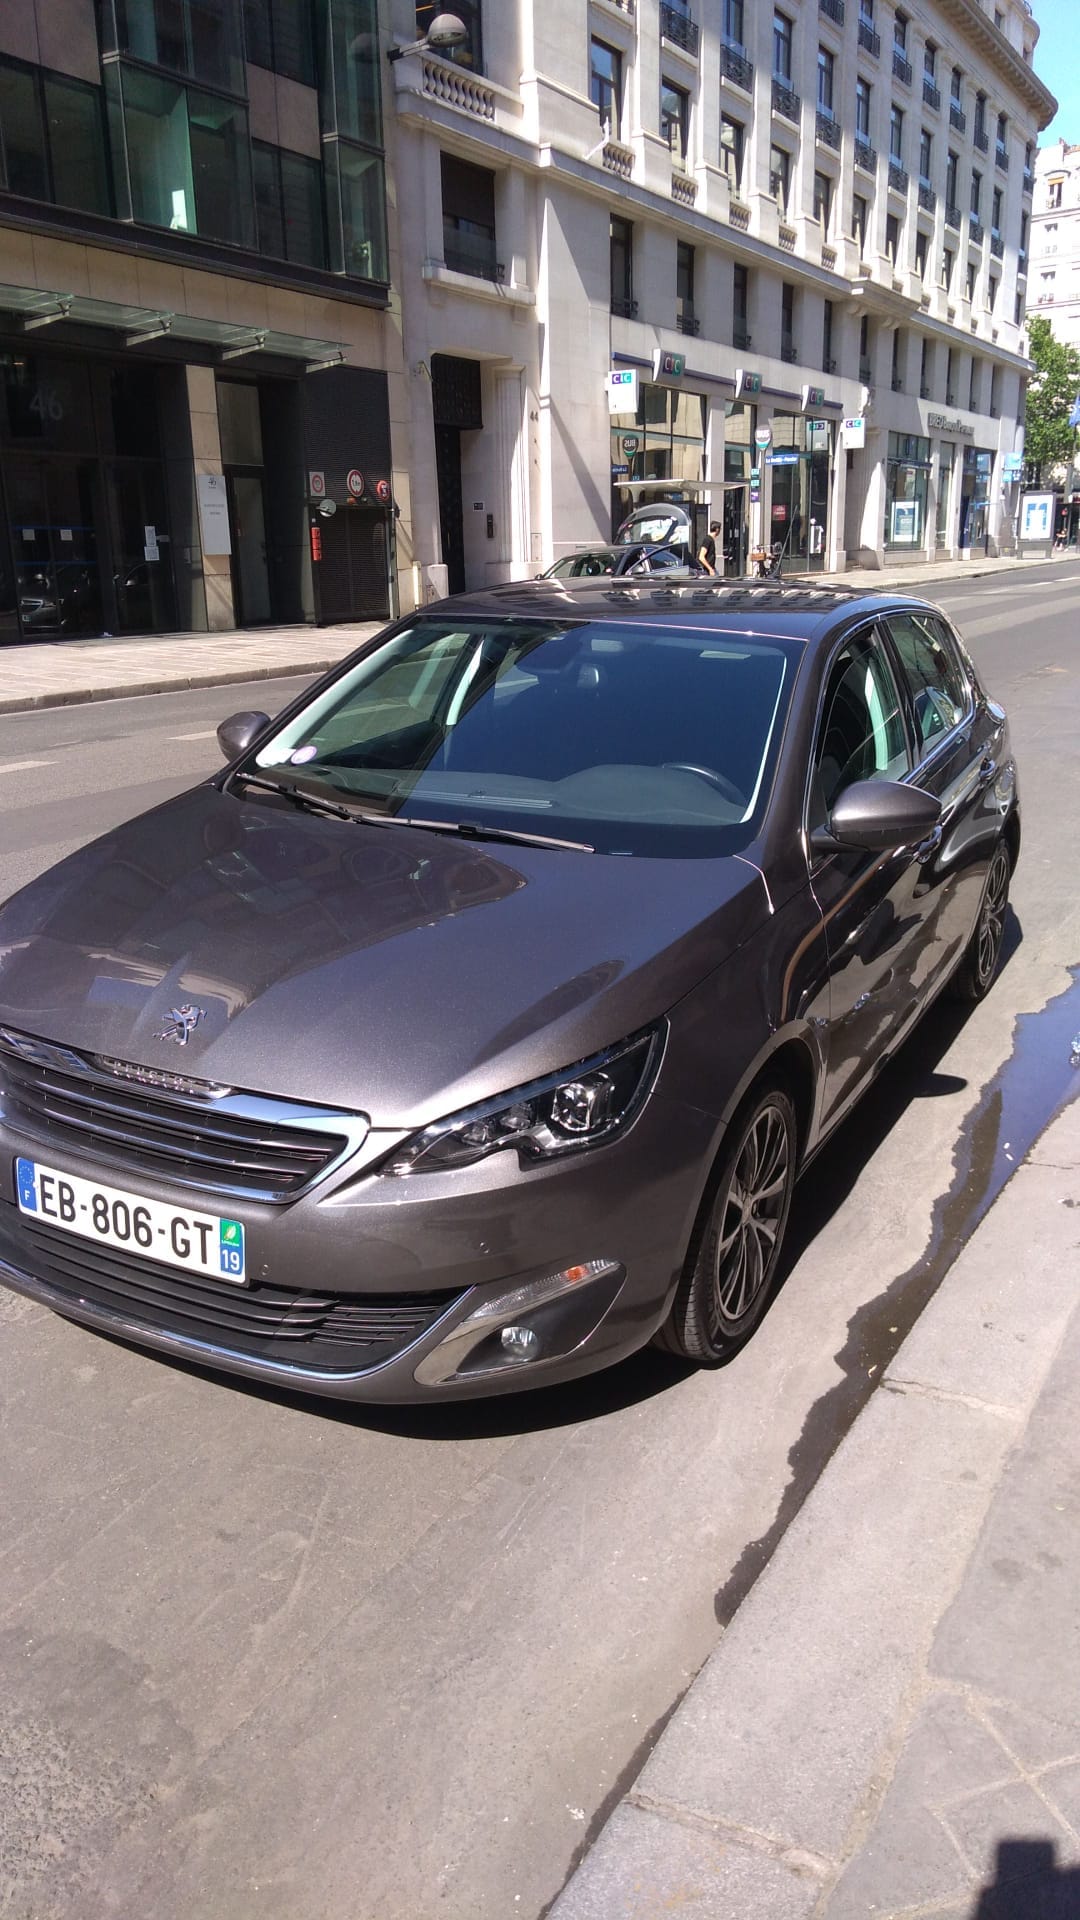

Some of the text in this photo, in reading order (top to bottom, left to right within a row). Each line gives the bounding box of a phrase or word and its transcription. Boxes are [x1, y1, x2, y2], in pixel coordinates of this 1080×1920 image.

[665, 357, 681, 373] CIC
[613, 373, 632, 384] CIC
[746, 375, 759, 390] CIC
[29, 388, 63, 421] 46
[810, 391, 824, 405] CIC
[846, 420, 861, 428] CIC
[756, 429, 770, 437] BUS
[25, 1190, 31, 1201] F
[40, 1173, 214, 1265] EB-806-GT
[222, 1249, 240, 1271] 19
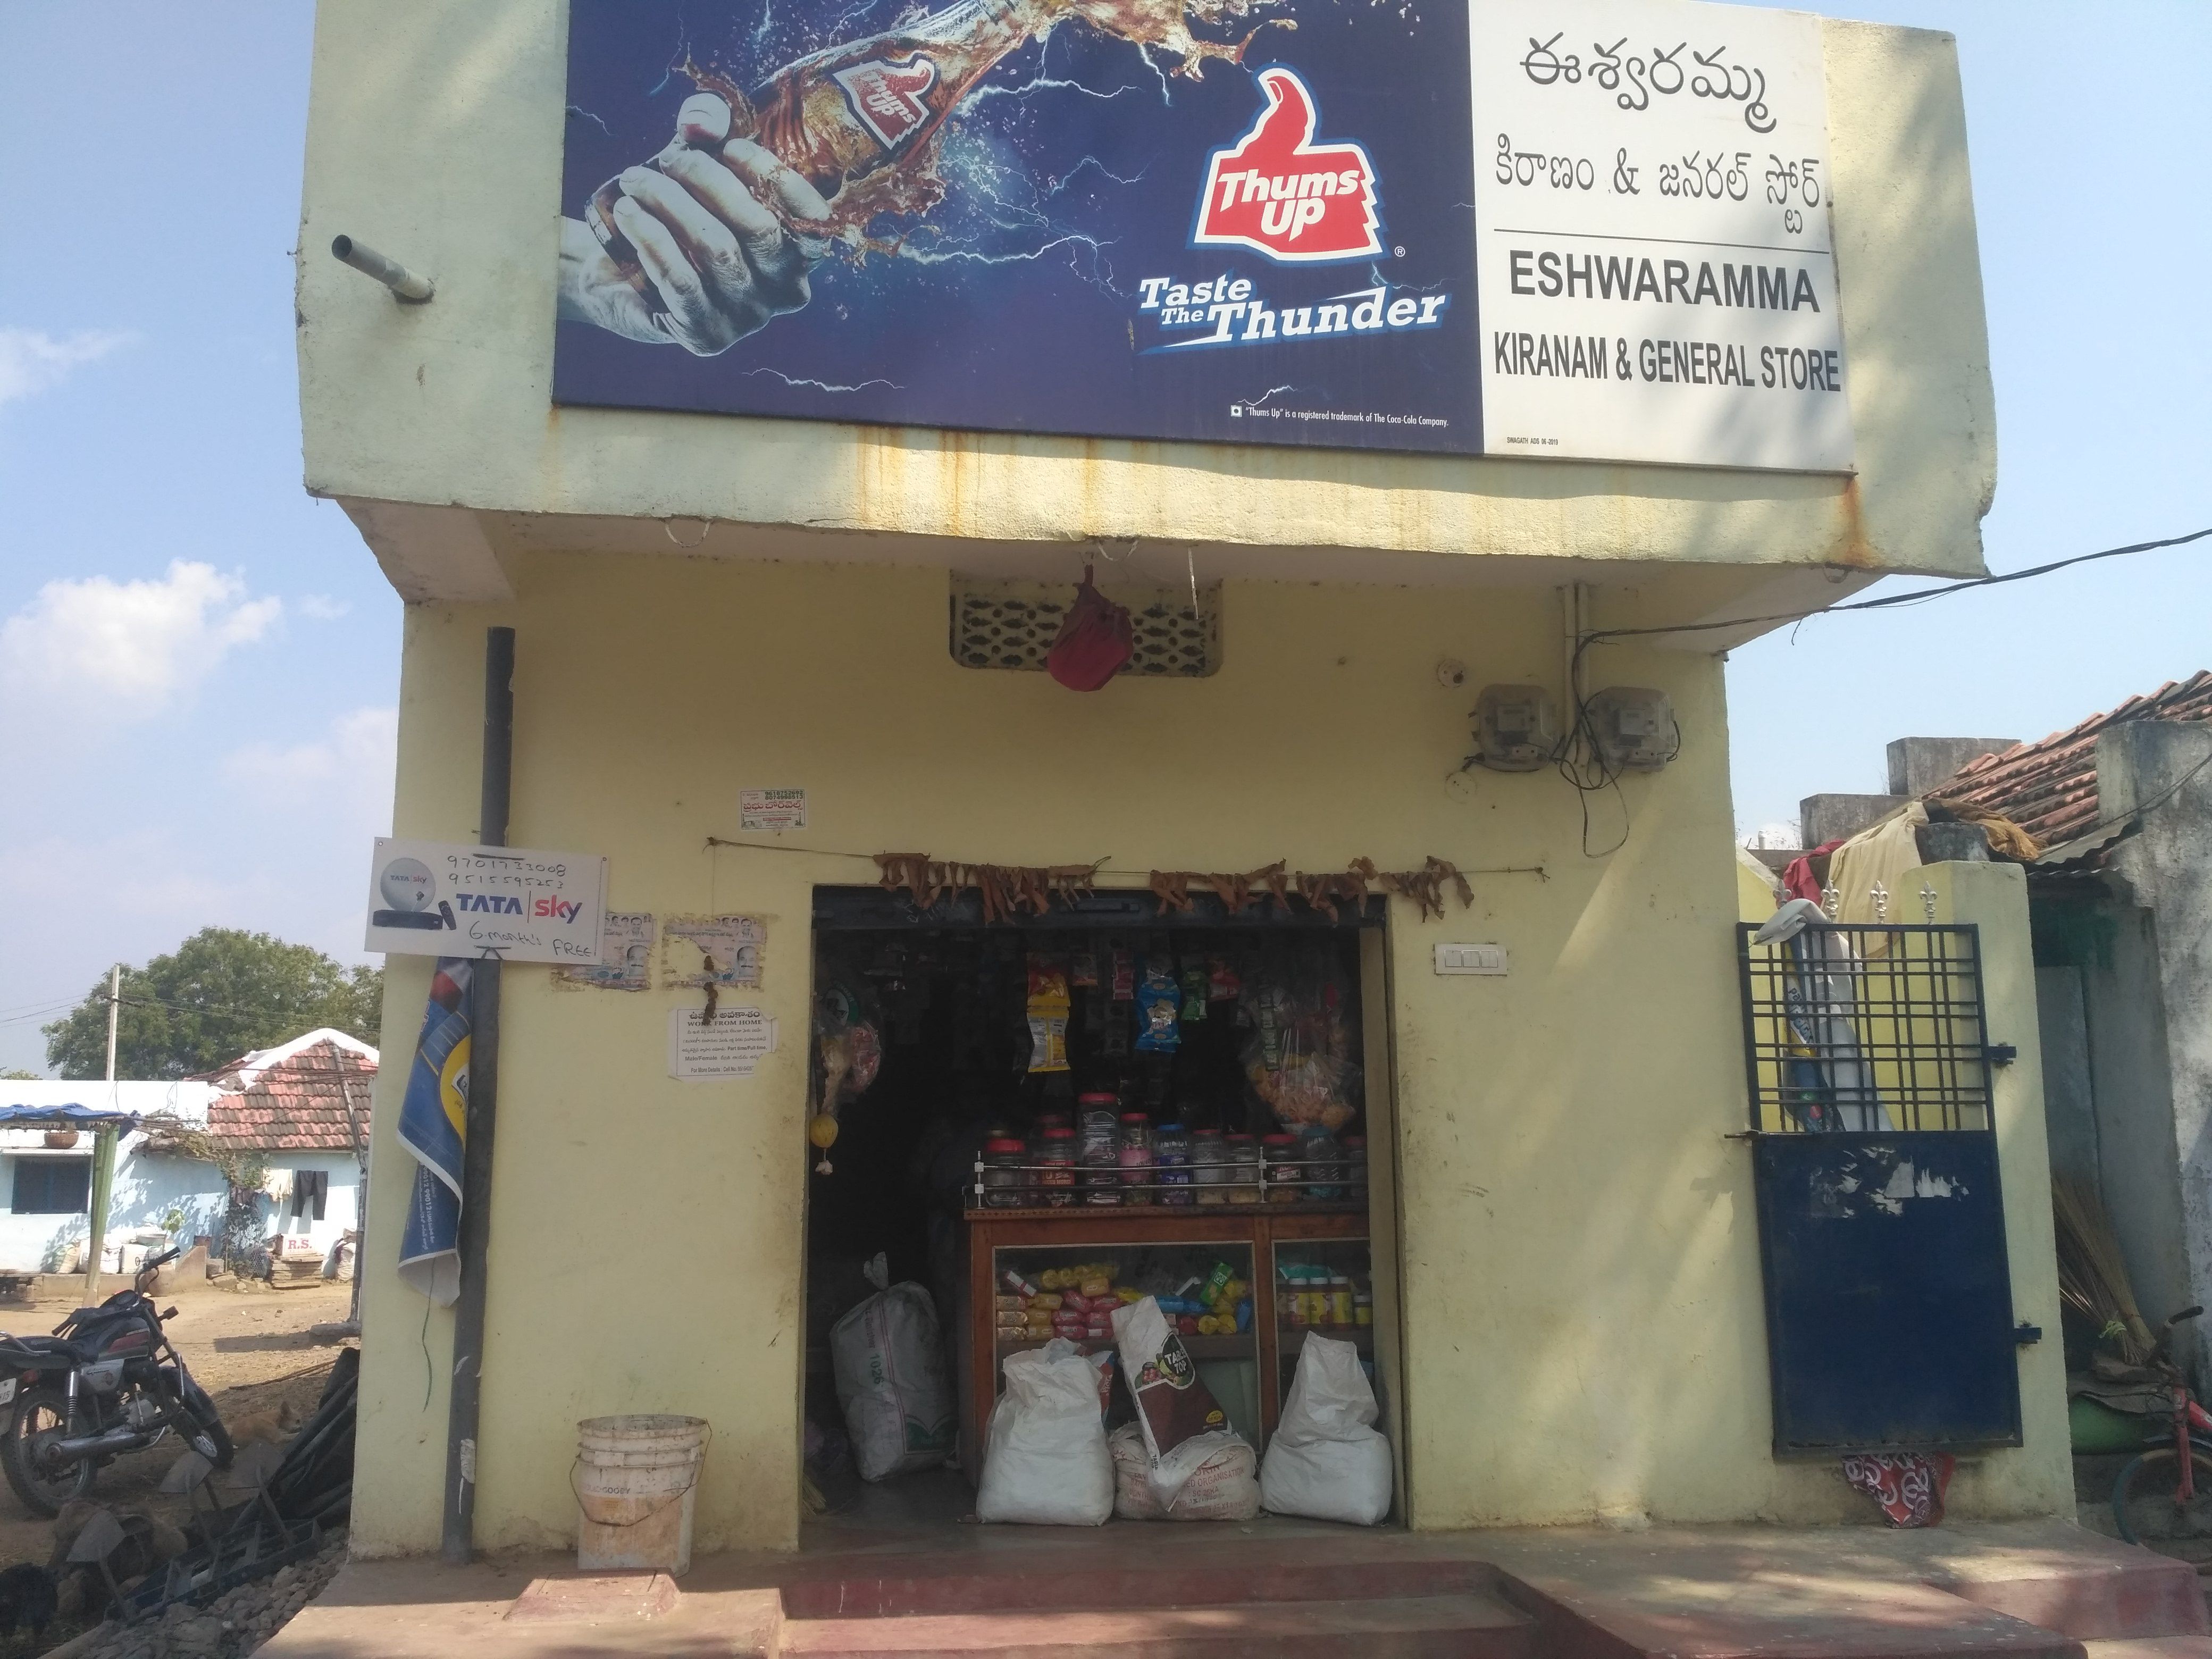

## Exercise description
Write the records out again verbatim and omit the pictures they contain.

## Answer section
Some of the text in this photo, in reading order (top to bottom, left to right within a row). Each line gives the bounding box of a phrase or word and its transcription. Boxes are [x1, y1, x2, y2], in pixel coordinates of this 1080×1920 image.

[665, 357, 681, 373] CIC
[613, 373, 632, 384] CIC
[746, 375, 759, 390] CIC
[29, 388, 63, 421] 46
[810, 391, 824, 405] CIC
[846, 420, 861, 428] CIC
[756, 429, 770, 437] BUS
[25, 1190, 31, 1201] F
[40, 1173, 214, 1265] EB-806-GT
[222, 1249, 240, 1271] 19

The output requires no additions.